Midgley’s innovations — particularly the chlorofluorocarbons — seemed like brilliant ideas at the time, but 50 years taught us otherwise. Pondering Midgley and his legacy forces us to wrestle with the core questions at the heart of “longtermism,” as the debate over long-term thinking has come to be called: What is the right time horizon for anticipating potential threats? Does focusing on speculative futures distract us from the undeniable needs of the present moment? And Midgley’s story poses a crucial question for a culture, like ours, dominated by market-driven invention: How do we best bring new things into the world when we recognize, by definition, that their long-term consequences are unknowable?

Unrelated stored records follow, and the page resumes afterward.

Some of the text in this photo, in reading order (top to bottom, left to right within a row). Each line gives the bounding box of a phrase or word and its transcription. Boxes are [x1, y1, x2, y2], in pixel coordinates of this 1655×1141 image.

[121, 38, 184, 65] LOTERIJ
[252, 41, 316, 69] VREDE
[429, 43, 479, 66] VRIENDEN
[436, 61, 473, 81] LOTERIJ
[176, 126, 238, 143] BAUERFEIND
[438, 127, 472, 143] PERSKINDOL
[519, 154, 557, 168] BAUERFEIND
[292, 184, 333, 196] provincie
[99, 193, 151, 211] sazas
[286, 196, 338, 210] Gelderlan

Invention was in Midgley’s blood. His father was a lifelong tinkerer who made meaningful contributions to the early design of automobile tires. In the 1860s, his maternal grandfather, James Emerson, patented a number of improvements to circular saws and other tools. As a teenager growing up in Columbus, Midgley showed early promise in deploying novel chemical compounds for practical ends, using an extract from the bark of an elm tree as a substitute for human saliva while throwing spitballs on the baseball field. A high school chemistry class inaugurated what would prove to be a lifelong obsession with the periodic table, which then was rapidly being expanded thanks to early-20th-century discoveries in physics and chemistry. For most of his professional career, he carried a copy of the table in his pocket. The spatial arrangement of the elements on the page would help inspire his two most significant ideas.

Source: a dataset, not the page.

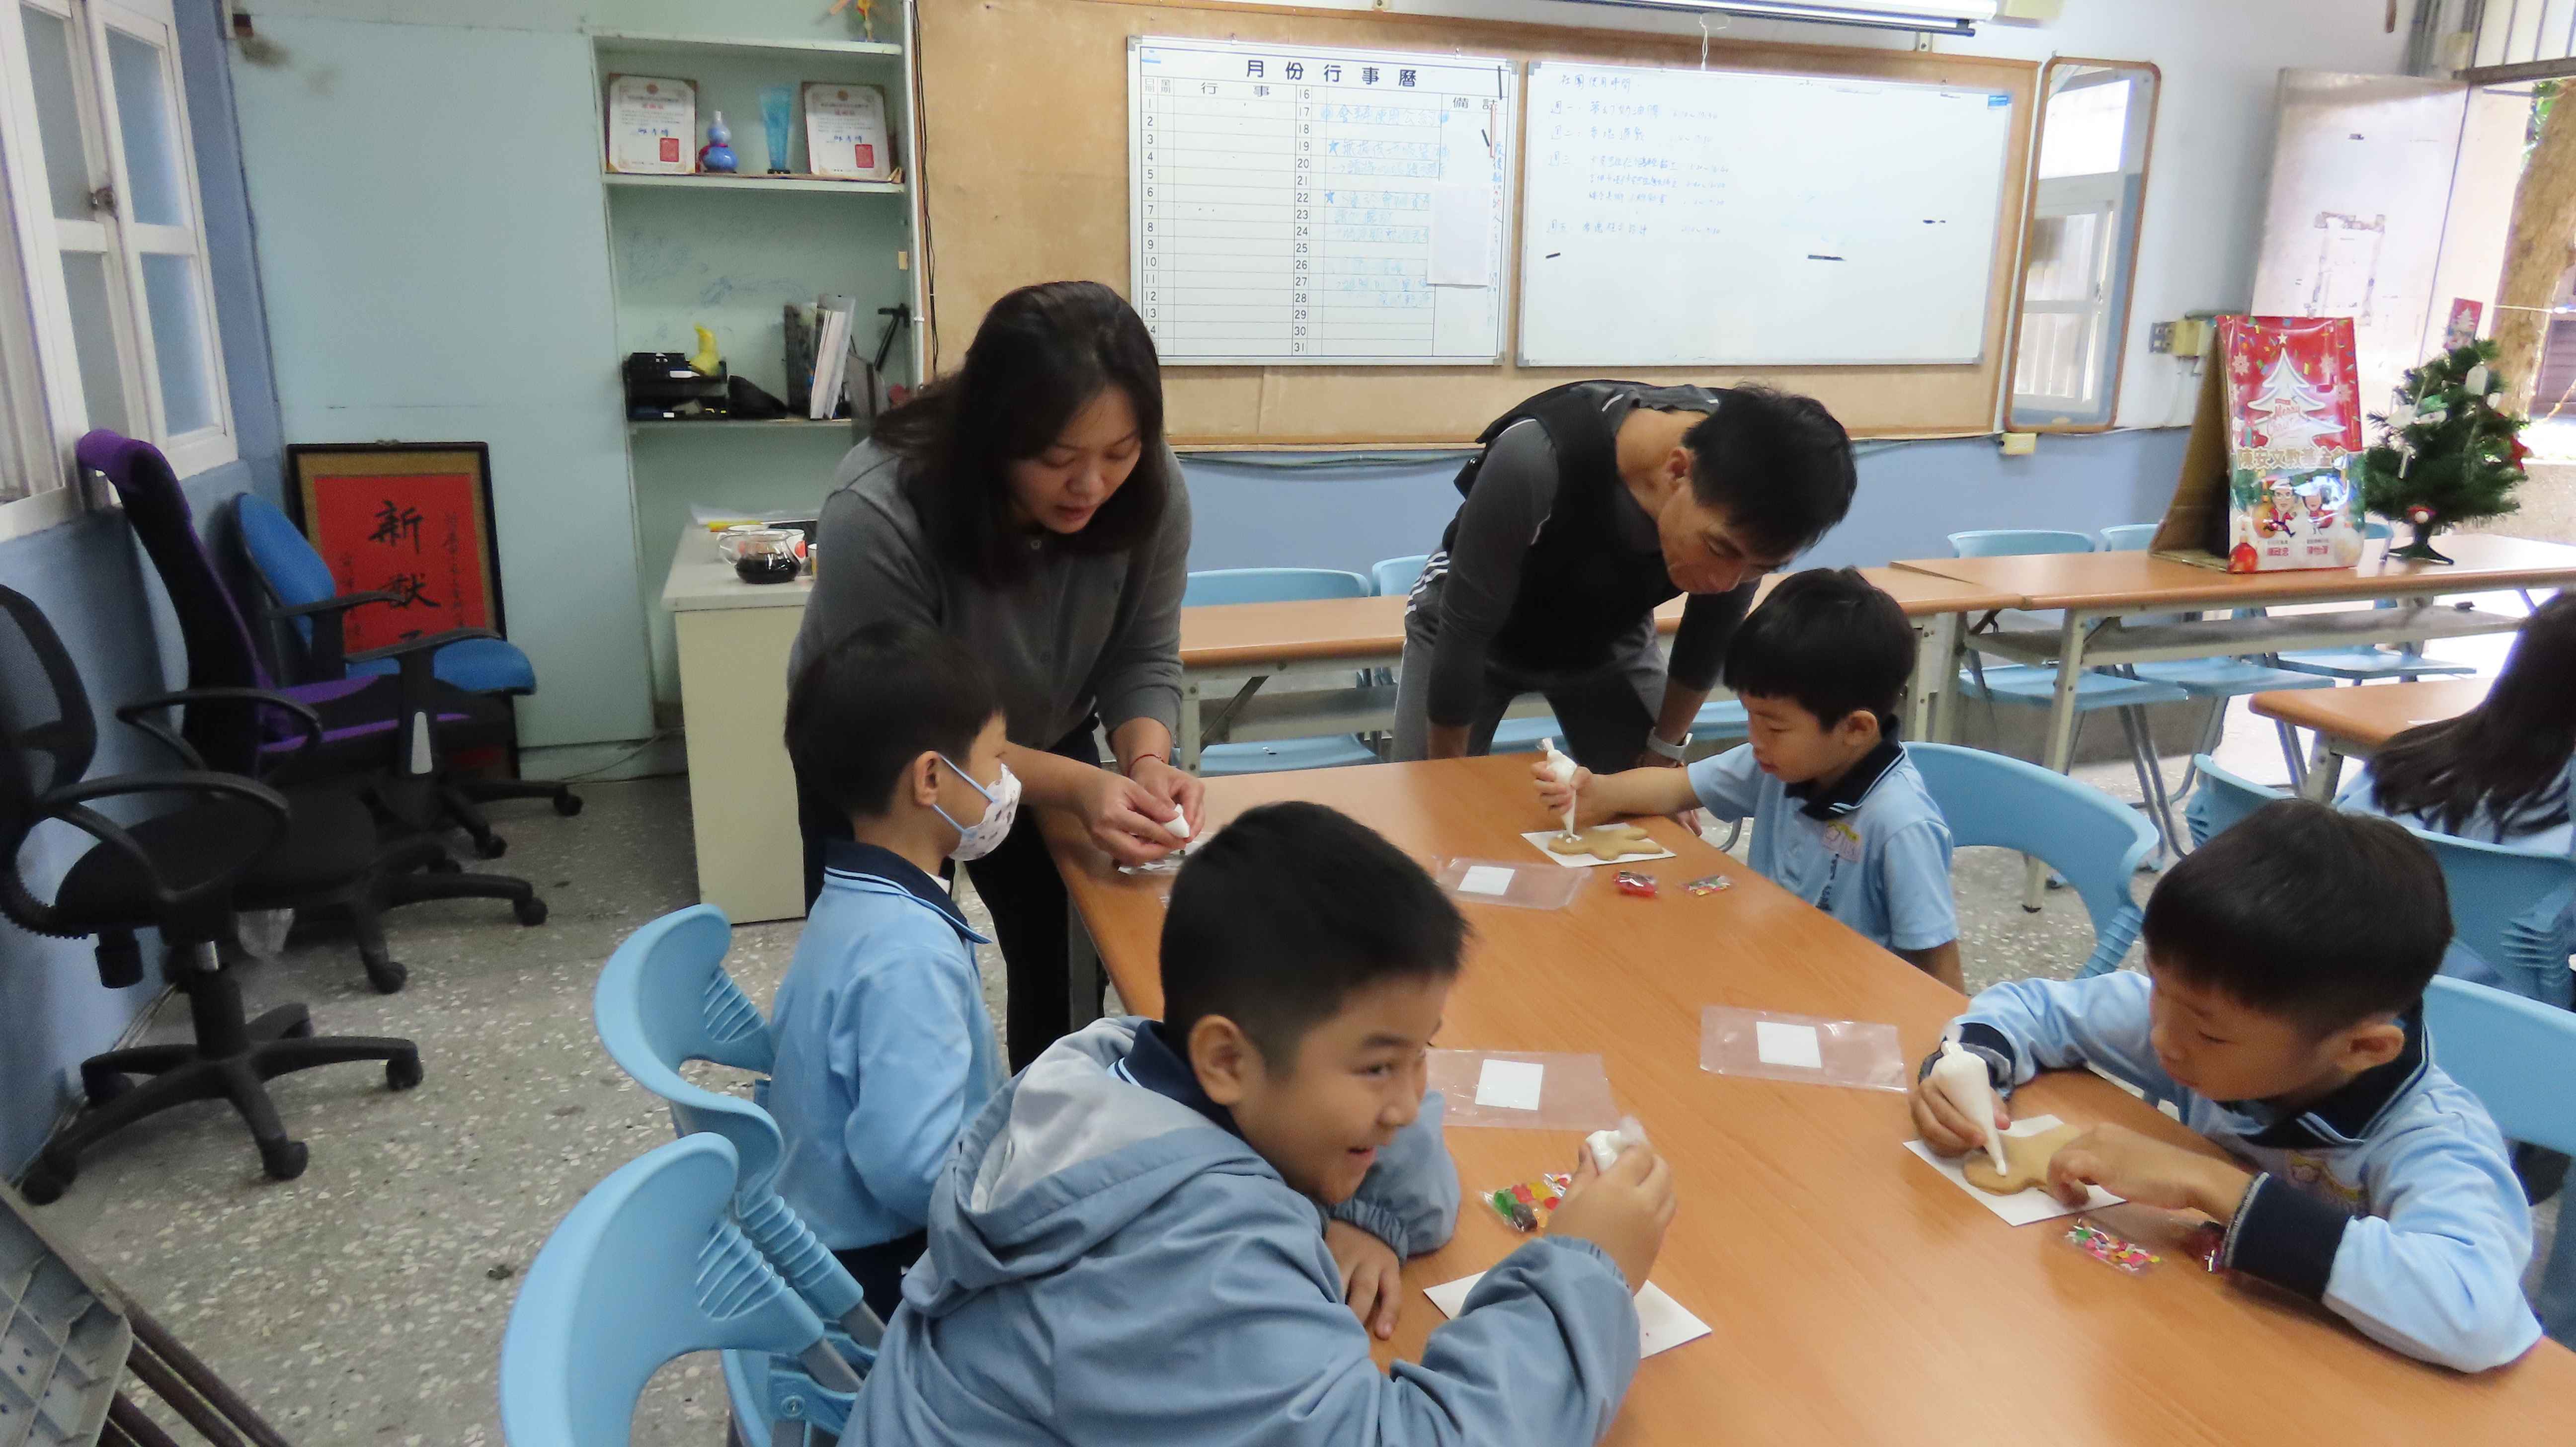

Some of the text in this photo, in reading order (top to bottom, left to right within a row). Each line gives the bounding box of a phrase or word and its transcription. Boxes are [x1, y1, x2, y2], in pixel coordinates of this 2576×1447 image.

After graduating from Cornell in 1911 with a degree in mechanical engineering, Midgley moved to Dayton, Ohio — arguably the leading innovation hub in the country at the time. History generally remembers Dayton for the Wright brothers, who sketched out their plans for the Kitty Hawk flight there, but the original attraction that drew inventors to the city was an unlikely one: the cash register, which for the first time enabled store owners to automate the record of transactions — and prevent employee theft. By the time Midgley joined the National Cash Register company in 1911, it had become a powerhouse, selling hundreds of thousands of machines around the world. It was there that Midgley first began hearing stories about Charles Kettering, who devised NCR’s mechanized system for clerks to run credit checks on customers directly from the sales floor, along with the first cash register to run on electric power.

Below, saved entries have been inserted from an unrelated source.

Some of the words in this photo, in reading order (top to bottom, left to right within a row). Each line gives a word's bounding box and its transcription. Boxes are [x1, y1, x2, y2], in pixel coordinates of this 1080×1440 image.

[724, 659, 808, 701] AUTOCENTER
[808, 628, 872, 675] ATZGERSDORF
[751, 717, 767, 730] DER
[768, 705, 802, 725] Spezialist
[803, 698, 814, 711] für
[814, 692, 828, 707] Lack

Firms like NCR had begun experimenting with a new organizational unit, the research lab, in the spirit of the polymathic “muckers” whom Thomas Edison had assembled at his plant in Menlo Park, N.J. A few years after joining NCR, Kettering turned his attention to the emerging technology of the automobile, forming his own independent research lab known as Delco, short for Dayton Engineering Laboratories Company, in 1909. There he concocted a device that proved crucial in transforming automobiles from a hobbyist’s pursuit to a mainstream technology: the electric ignition system. (Before Kettering’s breakthrough, automobiles had to be started with an unwieldy — and sometimes dangerous — hand crank, which required significant physical force to operate.) By 1916, Delco had been acquired by the corporation that would become General Motors, where Kettering would go on to work for the rest of his career.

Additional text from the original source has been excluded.